Politisi A membuat isu-isu kontroversial dengan bahasa politik yang santun tetapi patut diduga menyerang orang-orang tertentu. Politisi B memainkan perannya sebagai politisi ulung dengan berusaha merangkul kaum mayoritas demi meraup keuntungan pribadinya. Celakanya, menggunakan kode rasial yang memojokkan kaum minoritas tertentu.
Secara tidak sadar atau sadar, kode rasial dan politik “siulan anjing” kerapkali menghiasi kontestasi perpolitikan kita. Kita ambil contoh yang belakangan ini menjadi perbincangan banyak orang. Ihwal penyebutan “pribumi” pada pidato Anies Baswedan yang menyinggung perasaan tak sedikit orang. Padahal, sudah jelas dalam konstitusi penggunaan atau pelabelan pribumi harus dihilangkan dalam aspek apa pun.
Jika dibaca lagi teks pidato yang tersebar di beberapa media massa secara utuh, memang secara teks, tidak ada yang keliru. Tetapi, jika dibaca lagi dengan teliti, ada kesilapan atau kesengajaan di sana. Anies menyebut kata kolonialisme dan pribumi.
Pertanyaannya: kenapa pilihan kata “pribumi” dan apa implikasi dari pilihan kata itu? Karena itu disampaikan dalam pidato politik dan dilihat banyak orang. Jika dianalisa lagi ada politically incorrect di situ: pada subyek yang diandaikan tertindas hanya kalangan pribumi.

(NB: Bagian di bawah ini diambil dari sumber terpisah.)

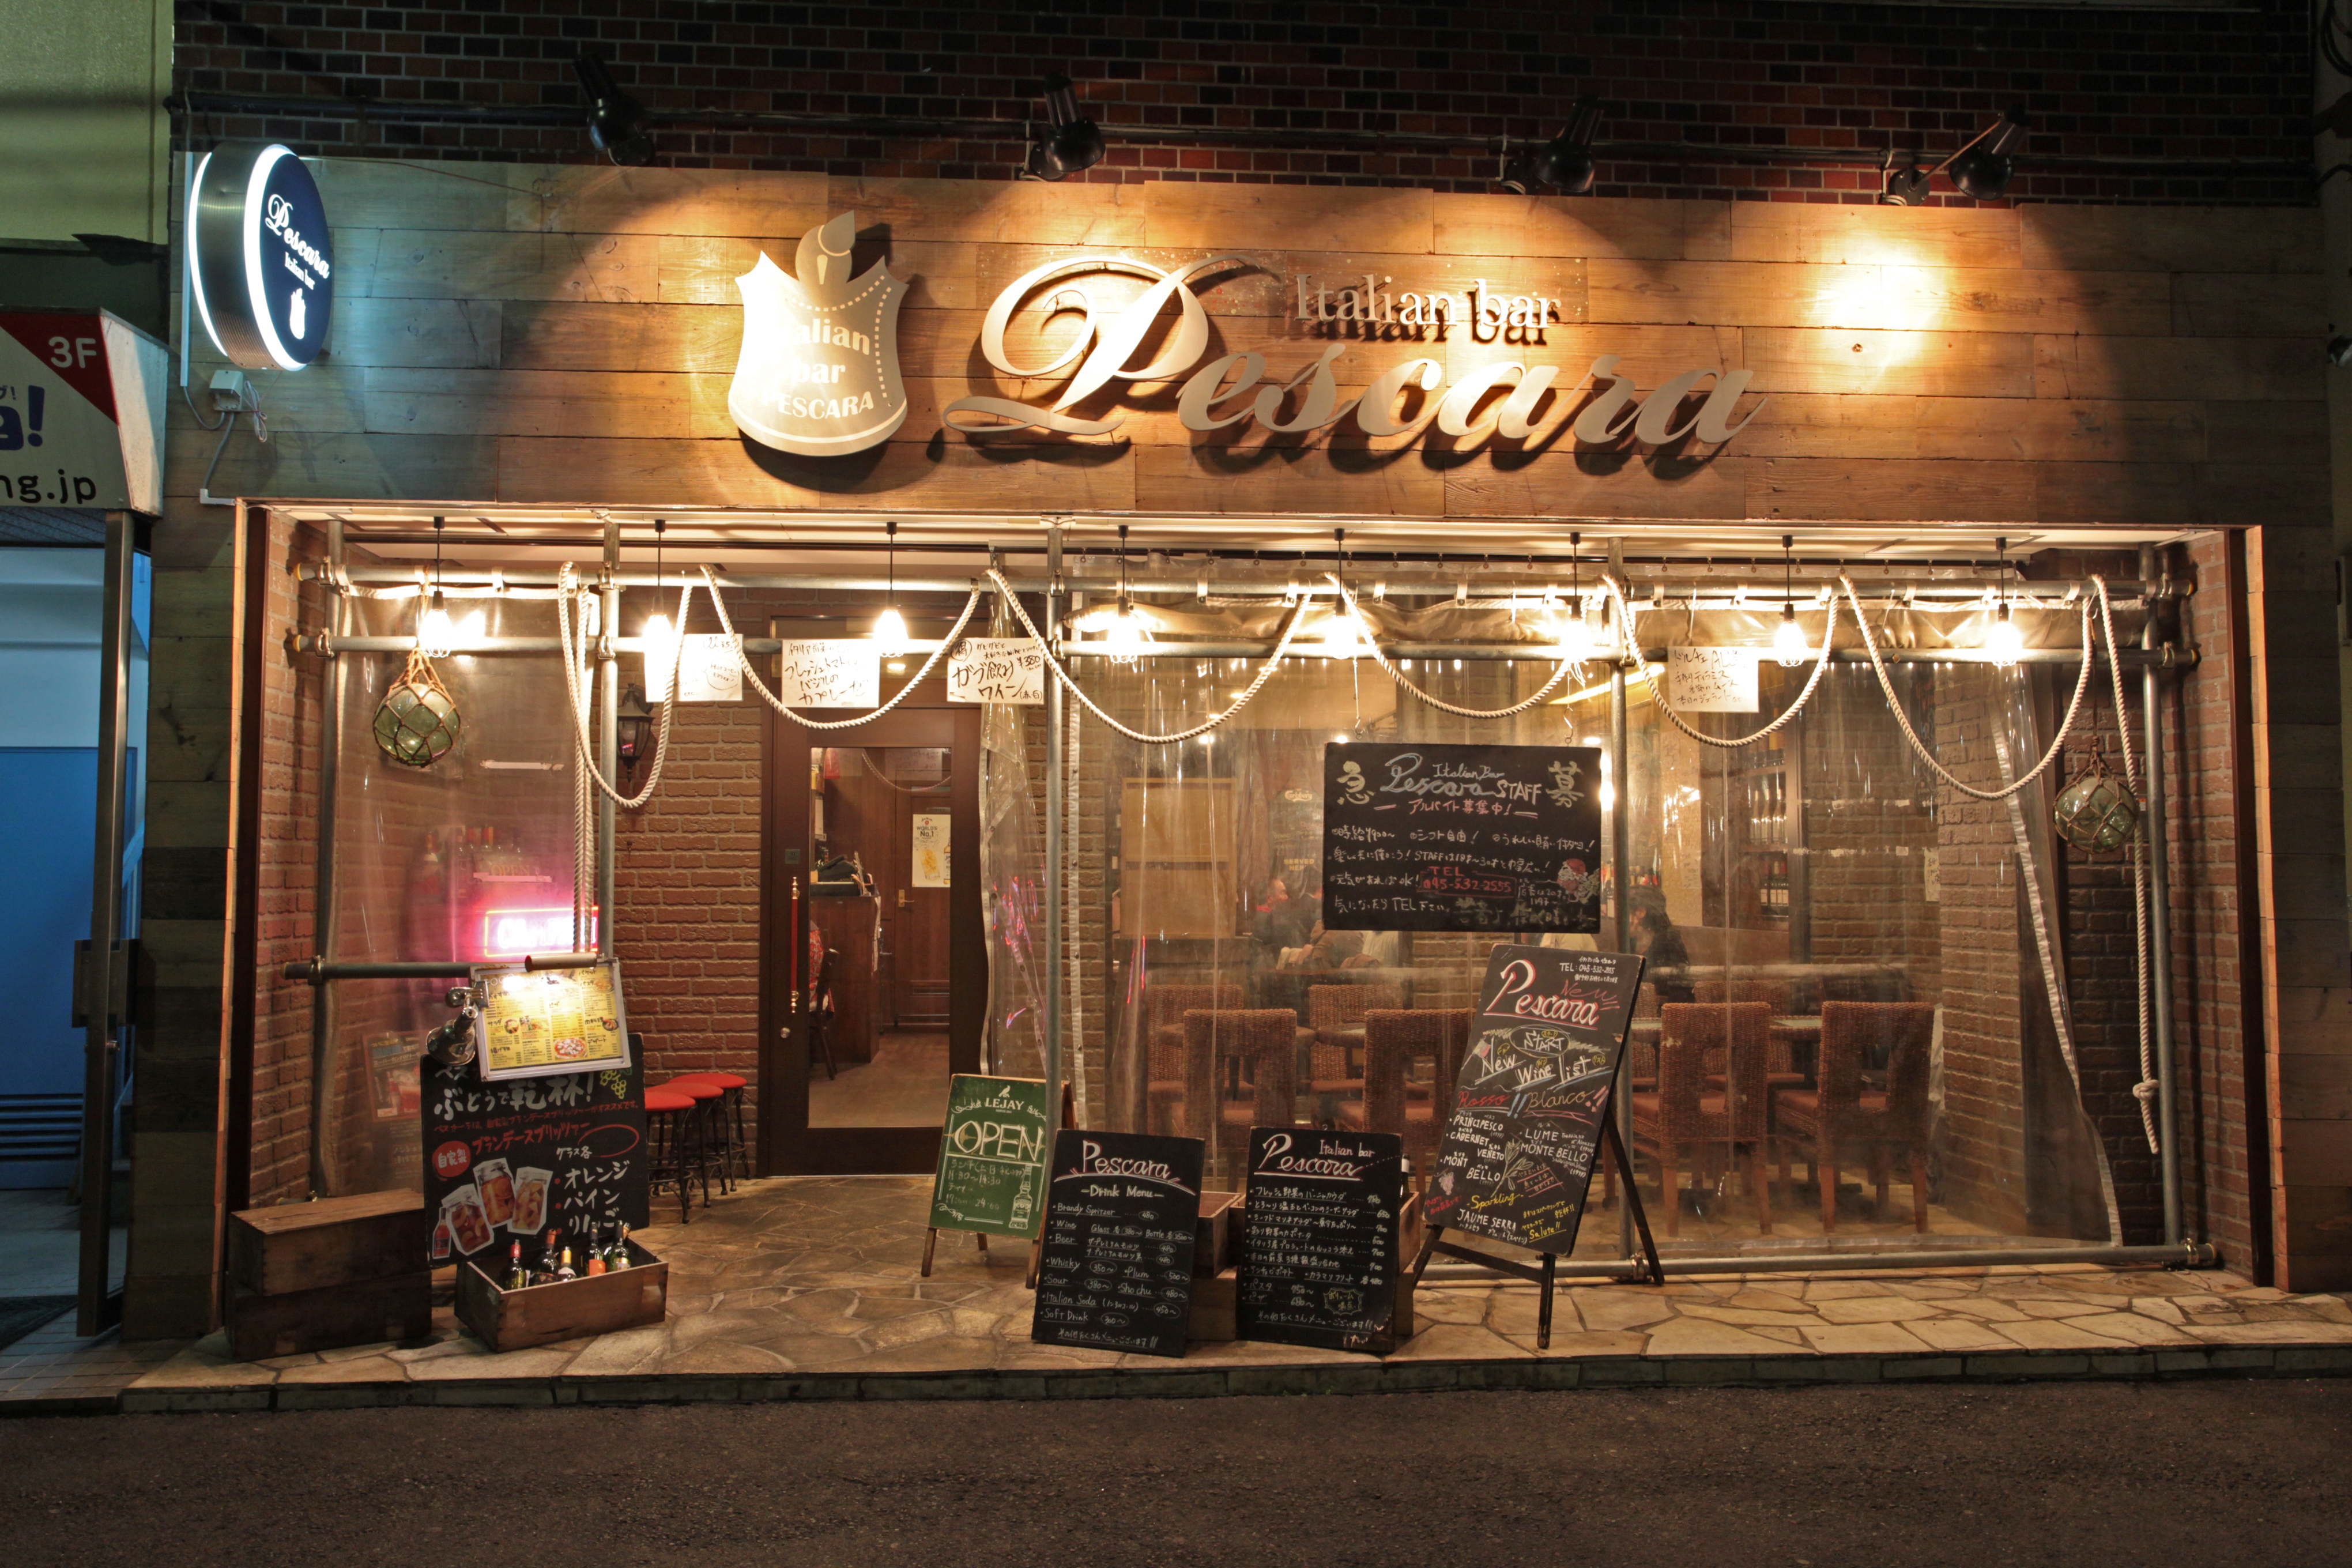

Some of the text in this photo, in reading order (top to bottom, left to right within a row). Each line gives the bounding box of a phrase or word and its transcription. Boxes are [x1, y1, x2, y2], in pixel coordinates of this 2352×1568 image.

Sementara kaum Tionghoa, Indo-Eropa, dan Arab tidak terandaikan dalam posisi tertindas dan terjajah.
Dari pembacaan seperti ini masuk ke pemahaman saya hanya pribumi yang berhak jadi tuan rumah. Dalam konteks dan tujuan apa Anies Baswedan harus memakai kata pribumi dalam pidatonya? Tidak jelas.
Pada konteks ini, saya jadi teringat sosok presiden yang kontroversial: Donald Trump. Anies dan Trump memiliki kemiripan, keduanya suka menyetir opini publik, dan menggiring mereka yang disebut mayoritas. Trump datang dengan isu Islam/migran. Sedangkan Anies datang dengan menggunakan isu pribumi.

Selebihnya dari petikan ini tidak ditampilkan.